Más de un millón de españoles tienen hipotiroidismo, pero no lo saben

En España, más de un millón de personas padecen hipotiroidismo, aunque lo desconocen. Esta situación se debe a que la enfermedad presenta síntomas inespecíficos y muy comunes a otras patologías como pueden ser la caída de pelo, el cambio de peso, el cansancio, la pérdida de apetito, la piel seca, entre otros, por lo que puede pasar desapercibida. Por esta razón, y coincidiendo con la celebración mañana del Día Mundial del Tiroides y la Semana Internacional de Concienciación sobre la Tiroides, la compañía de ciencia y tecnología Merck impulsa la campaña #DobleCheckATuTiroides.

Esta iniciativa, que se desarrolla en redes sociales, tiene como objetivo aumentar el conocimiento existente sobre el tiroides entre la sociedad, así como concienciar sobre los síntomas del hipotiroidismo para detectar precozmente la enfermedad.

A pesar de su importancia, según una encuesta de la Asociación Española de Cáncer de Tiroides (AECAT), el 37,9% de la población no sabe nada o casi nada sobre el tiroides y el 54% sabe muy poco. Sin embargo, esta glándula, que tiene forma de mariposa y se sitúa en la base del cuello, tiene una función esencial: producir las hormonas tiroideas encargadas de regular el metabolismo del cuerpo.

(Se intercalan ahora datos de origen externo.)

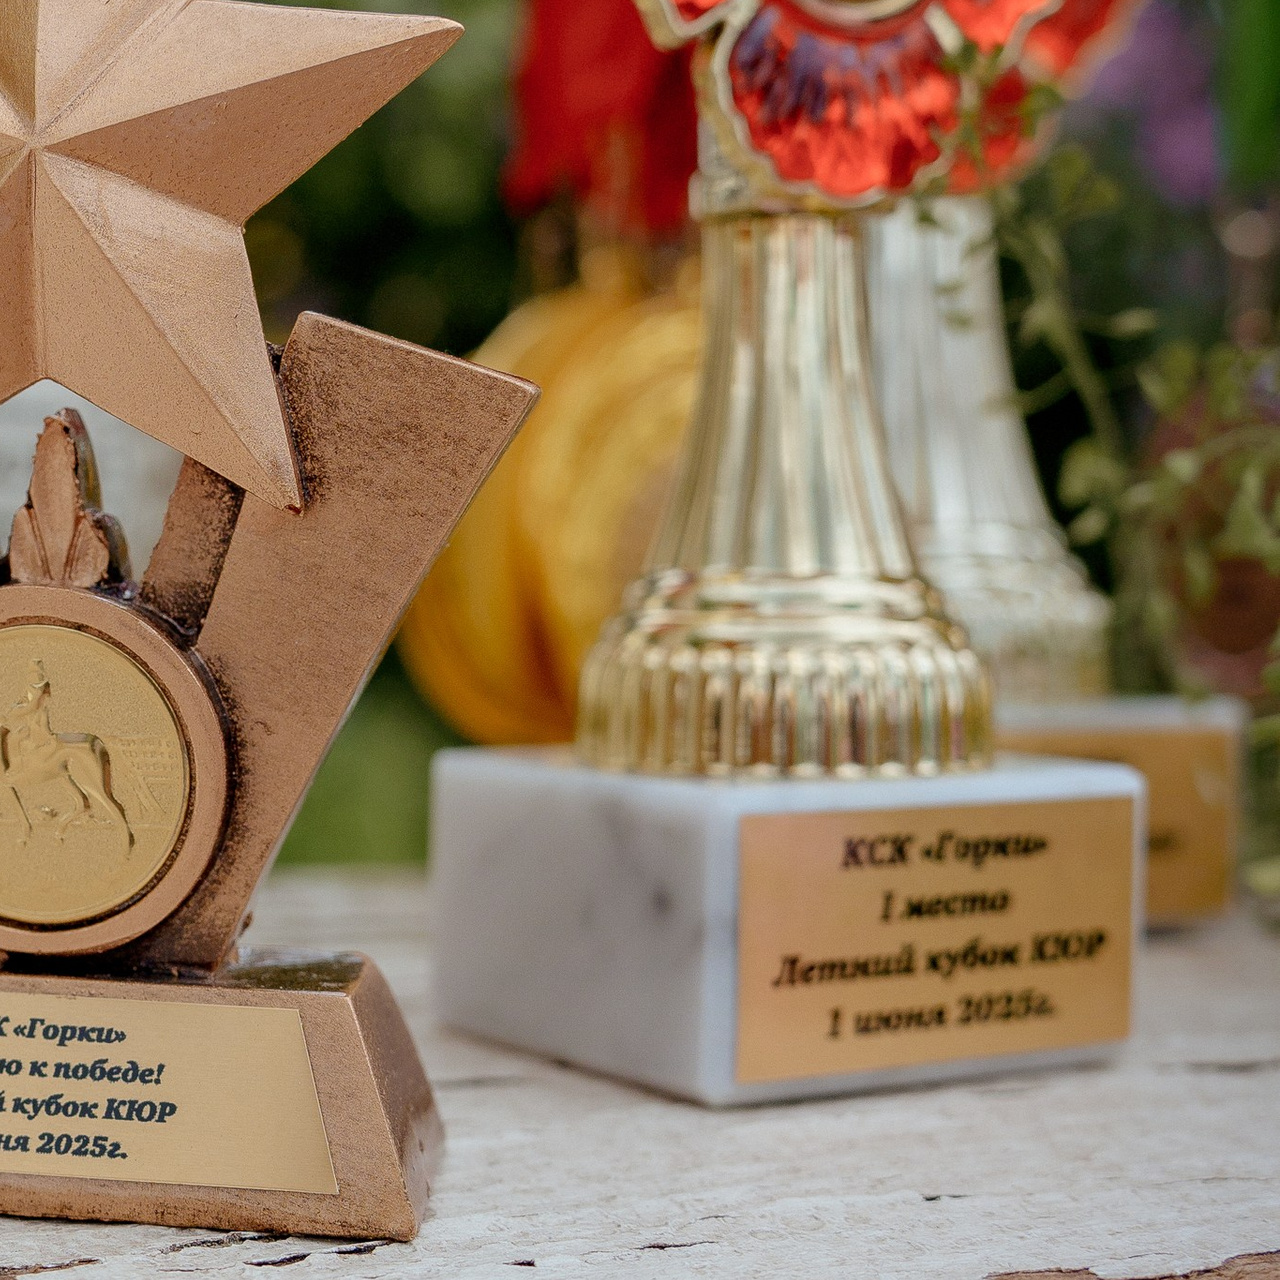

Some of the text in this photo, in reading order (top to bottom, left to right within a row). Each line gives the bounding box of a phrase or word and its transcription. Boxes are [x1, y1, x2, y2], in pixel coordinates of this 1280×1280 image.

Su mal funcionamiento puede desencadenar diversos problemas tiroideos, pero los más comunes son el hipotiroidismo y el hipertiroidismo, estimándose una prevalencia del 9.1% para el primero y del 0.8% para el segundo2. En el caso concreto del hipotiroidismo, el más prevalente, “afecta al 2% de las mujeres adultas, mientras que tan sólo el 0,1-0,2 % de los hombres. Además, la incidencia aumenta con la edad”, explica la doctora Olga Vicente, especialista en Medicina Familiar y Comunitaria, y añade que “ninguno de sus síntomas es lo suficientemente sensible o específico para su diagnóstico, pero la coexistencia de varios de ellos debe hacer sospechar al médico que estamos ante un cuadro de hipotiroidismo, sobre todo cuando estos síntomas son de nueva aparición”.

El diagnóstico de disfunción tiroidea consiste en la realización de una analítica de sangre que incluya niveles de TSH (hormona estimulante tiroidea) y de tiroxina libre (T4L). No obstante, dado que puede haber alteraciones hormonales transitorias, se recomienda repetir la analítica en un plazo de 2-3 meses para confirmar el diagnóstico. Aunque el hipotiroidismo no se cura, “la tardanza en su detección y, por tanto, en su tratamiento, puede ocasionar enfermedades cardiovasculares en el paciente tales como el aumento de los niveles de colesterol total y LDL colesterol, la hipertensión arterial y aterosclerosis y, por último, enfermedad coronaria e insuficiencia cardiaca”, expone la doctora Vicente.

A Belén Igual de Castro, paciente de hipotiroidismo, le diagnosticaron la enfermedad durante la niñez: “a los 9 años, hubo un periodo en el que no crecí absolutamente nada. El pediatra lo achacó a que mis padres no son altos, pero esta respuesta no nos convenció, ya que, además, durante ese año había engordado y tenía cambios de humor repentinos. Mis padres pidieron cita a un endocrino que, al analizar el caso y tocarme el cuello mientras me hacía tragar, dijo que podía tratarse de un problema de la tiroides. Tras las analíticas correspondientes, detectaron que tenía hipotiroidismo y comenzaron a tratarme. Desde que se estabilizó la dosis de mi medicación, hago una vida absolutamente normal y no tengo síntomas”.

En palabras de Julio Varela, director de la unidad de Endocrinología de Merck en España, “con iniciativas como #DobleCheckATuTiroides queremos dar a conocer los síntomas del hipotiroidismo de modo que, en caso de sospecha, la persona acuda a una revisión médica para hacer un ‘doble check’. Sabemos que cuanto antes se ponga el paciente en manos de un profesional, antes se podrá controlar la enfermedad”.